The final reflection exam is 40%, the Short Answer Question 25%, and the group presentation plus individual reflection 35% (20% + 15%). Two items are 0%: the Early Feedback Task quiz, and the InterProfessional Learning (IPL) workshop — the IPL is a compulsory Pass/Fail hurdle, so you must satisfactorily complete it (hand-hygiene pre-work, attend one 2-hour workshop, submit the peer evaluation) to pass the unit no matter how high your other marks are. The exam's duration and open- or closed-book status are not stated in the unit materials — confirm them on Canvas and the exam timetable.

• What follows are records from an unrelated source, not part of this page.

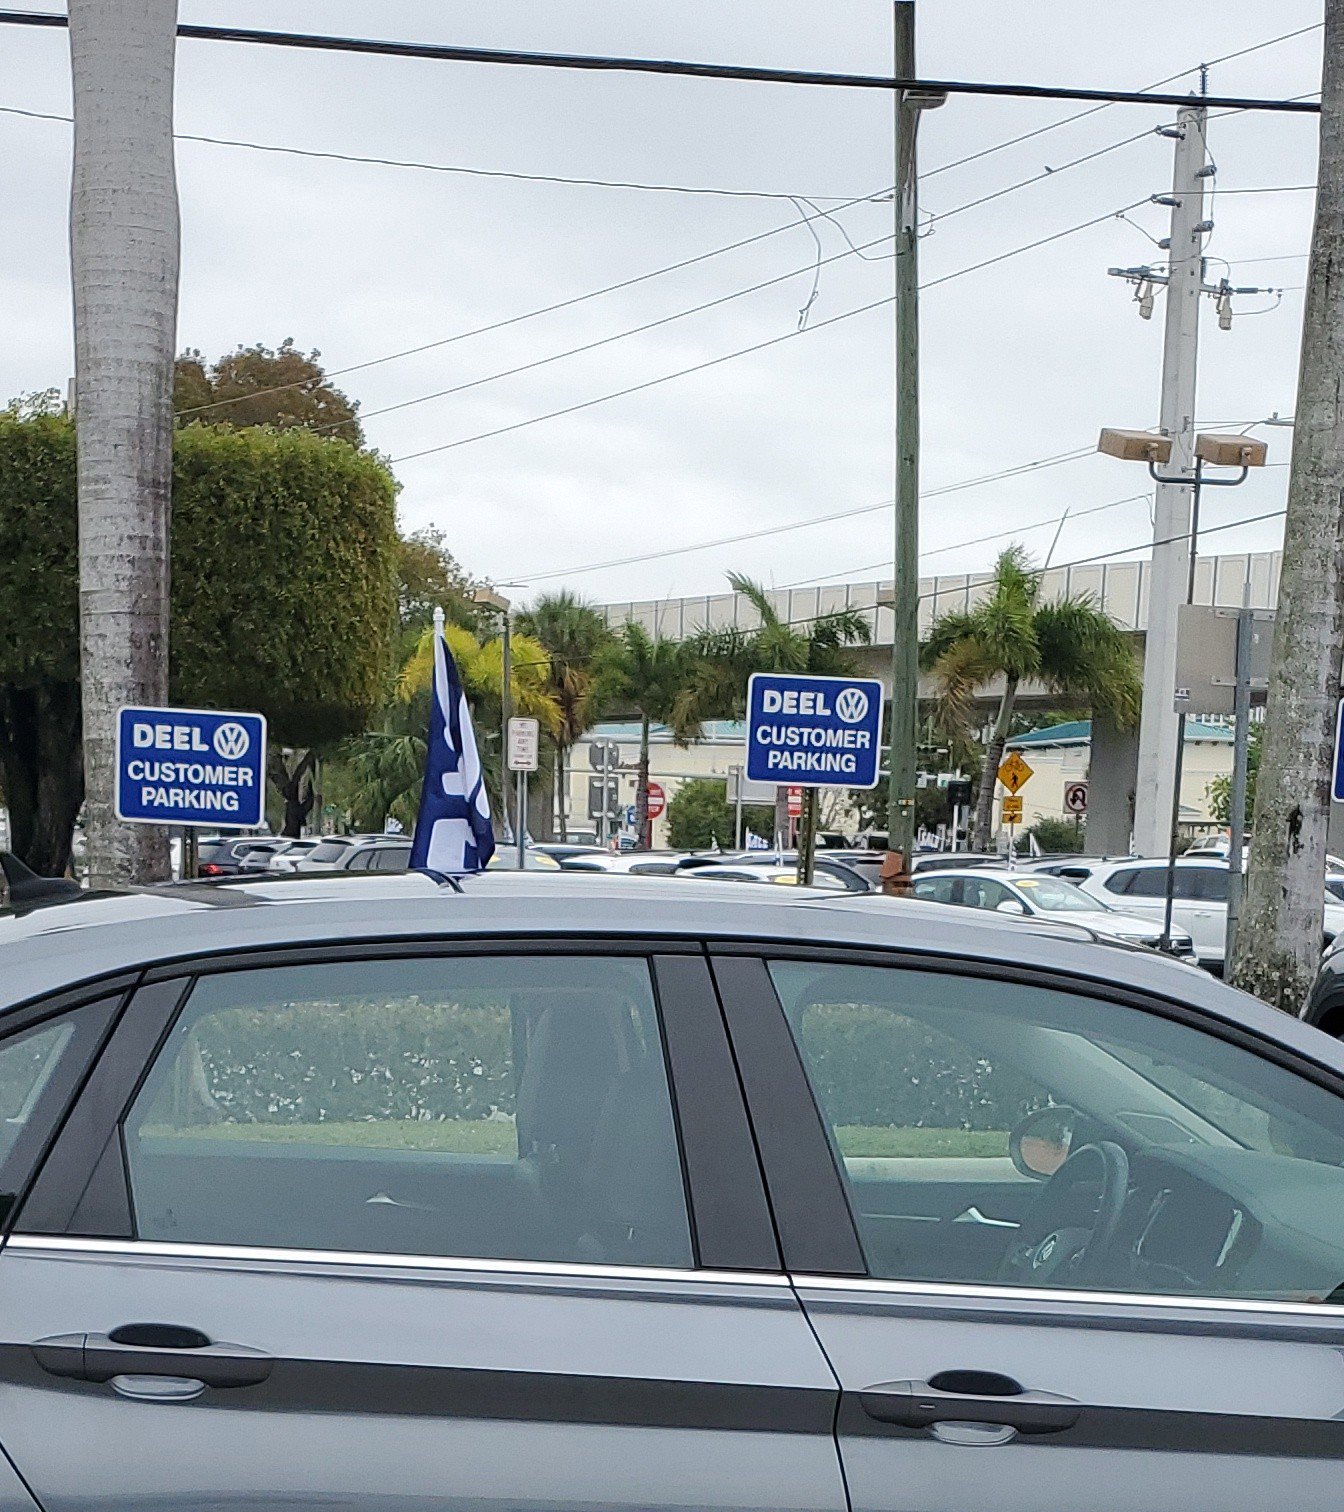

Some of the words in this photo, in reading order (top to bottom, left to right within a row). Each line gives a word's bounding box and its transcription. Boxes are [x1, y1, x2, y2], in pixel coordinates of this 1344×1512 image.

[762, 689, 832, 716] DEEL
[133, 723, 210, 752] DEEL
[756, 725, 871, 749] CUSTOMER
[127, 760, 253, 787] CUSTOMER
[767, 750, 856, 773] PARKING
[141, 786, 239, 811] PARKING
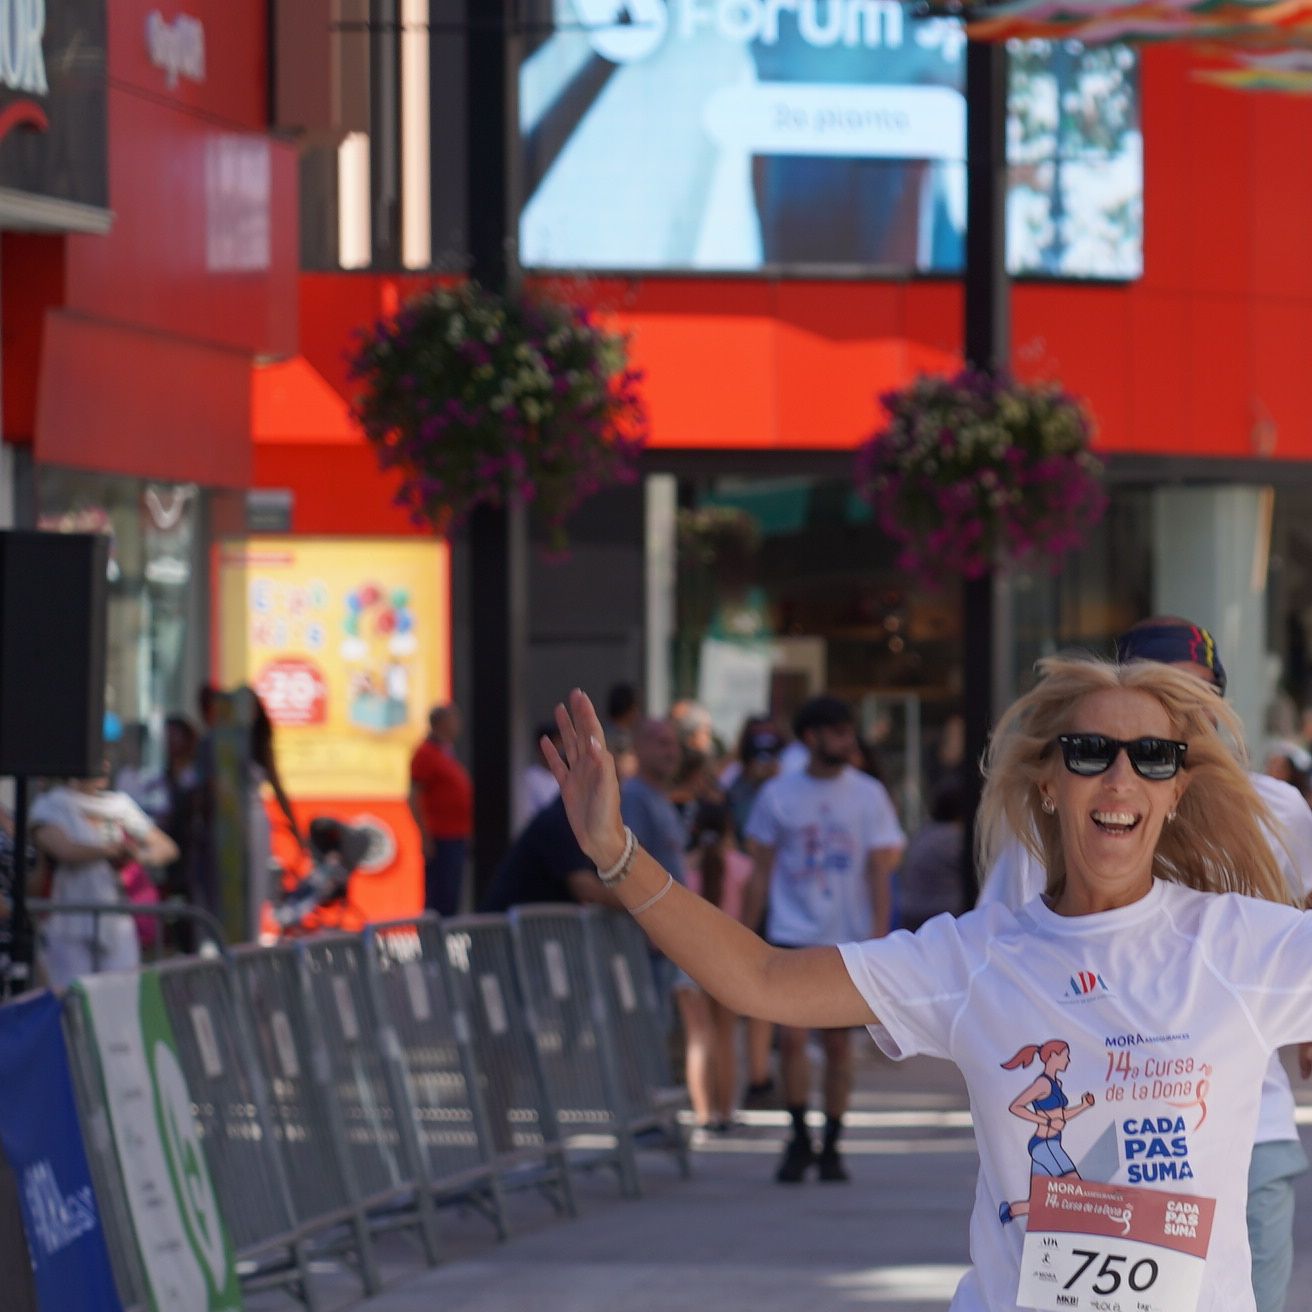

When and where is the HSBH1012 exam?

HSBH1012 runs in Semester 1, so the final reflection exam sits in the University of Sydney Semester 1, 2027 formal exam period — around June 2027. The unit materials do not fix the exact date, duration, room or open/closed-book status, so confirm all of these on Canvas and the University of Sydney exam timetable and do not assume. Your HSBH1012 result contributes to your Weighted Average Mark (WAM).

Study strategy

How to study for the exam

Treat HSBH1012 as a weekly writing habit, not a memorise-at-the-end unit. Each week, watch the lecture, read the essential reading, and draft a real ~150-200-word reflection on it against the rubric — key messages, what you learned, how it supports or challenges your views, a link to a named lecture model, and what you will do with it, referenced in APA 7th. Do this every week and you will walk into the 40% reflection exam with a bank of drafts covering the six-reading pool it draws on. Alongside the writing, keep a one-page cheat of the highest-yield examinable facts you can weave into any reflection: the WHO definition, Alma-Ata and primary health care, DALY = YLL + YLD, the social determinants and upstream/downstream, the five financing ideal-types, EMR vs EHR, the health-literacy four abilities, and MDGs (8) vs SDGs (17). Get the compulsory IPL hurdle done early (hand-hygiene certificate, workshop, peer evaluation) so it can never sink your result, and use the 25% SAQ (~Week 6, on an SDoH/health-promotion theme) as a rehearsal for the group campaign. When a model or a reading won't click, ask Sia to re-explain that single idea a different way and to grade a practice reflection against the 60/20/20 rubric — it teaches the method and checks your reasoning, and it never substitutes for your own graded work.